[[ DATA PROVIDED, beginning ]]

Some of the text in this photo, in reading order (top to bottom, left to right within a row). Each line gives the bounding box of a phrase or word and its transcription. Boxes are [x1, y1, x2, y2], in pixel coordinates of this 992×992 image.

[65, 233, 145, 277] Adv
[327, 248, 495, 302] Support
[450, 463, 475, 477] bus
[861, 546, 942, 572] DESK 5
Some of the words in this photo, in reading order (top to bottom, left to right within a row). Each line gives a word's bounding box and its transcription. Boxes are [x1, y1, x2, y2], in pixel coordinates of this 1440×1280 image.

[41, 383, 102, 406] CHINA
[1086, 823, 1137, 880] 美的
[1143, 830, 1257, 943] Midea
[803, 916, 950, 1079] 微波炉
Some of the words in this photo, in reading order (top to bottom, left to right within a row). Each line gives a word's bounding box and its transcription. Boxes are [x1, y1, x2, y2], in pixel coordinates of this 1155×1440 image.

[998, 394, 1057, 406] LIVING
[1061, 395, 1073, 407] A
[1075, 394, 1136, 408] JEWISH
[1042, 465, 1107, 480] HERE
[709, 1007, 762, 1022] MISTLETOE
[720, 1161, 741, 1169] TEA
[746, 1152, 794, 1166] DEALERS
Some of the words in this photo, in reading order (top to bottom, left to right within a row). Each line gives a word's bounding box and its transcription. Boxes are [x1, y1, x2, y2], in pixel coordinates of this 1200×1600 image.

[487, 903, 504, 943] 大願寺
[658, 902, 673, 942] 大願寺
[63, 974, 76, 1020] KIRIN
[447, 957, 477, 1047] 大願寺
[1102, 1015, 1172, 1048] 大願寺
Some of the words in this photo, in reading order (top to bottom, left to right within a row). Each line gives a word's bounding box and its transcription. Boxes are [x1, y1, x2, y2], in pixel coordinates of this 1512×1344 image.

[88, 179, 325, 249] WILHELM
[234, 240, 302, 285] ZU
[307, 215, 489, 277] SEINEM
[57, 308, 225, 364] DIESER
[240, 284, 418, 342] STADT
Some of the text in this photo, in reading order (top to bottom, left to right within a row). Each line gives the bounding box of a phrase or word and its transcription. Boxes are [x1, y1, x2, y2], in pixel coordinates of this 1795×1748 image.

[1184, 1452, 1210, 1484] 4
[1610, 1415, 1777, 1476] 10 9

[[ DATA PROVIDED, end ]]

#### TASK DIRECTIONS
Starting at the line that contains "this 1512×1344 image.", write out every line through the last one in the data above, exactly as it stands.

#### FINAL ANSWER
Some of the words in this photo, in reading order (top to bottom, left to right within a row). Each line gives a word's bounding box and its transcription. Boxes are [x1, y1, x2, y2], in pixel coordinates of this 1512×1344 image.

[88, 179, 325, 249] WILHELM
[234, 240, 302, 285] ZU
[307, 215, 489, 277] SEINEM
[57, 308, 225, 364] DIESER
[240, 284, 418, 342] STADT
Some of the text in this photo, in reading order (top to bottom, left to right within a row). Each line gives the bounding box of a phrase or word and its transcription. Boxes are [x1, y1, x2, y2], in pixel coordinates of this 1795×1748 image.

[1184, 1452, 1210, 1484] 4
[1610, 1415, 1777, 1476] 10 9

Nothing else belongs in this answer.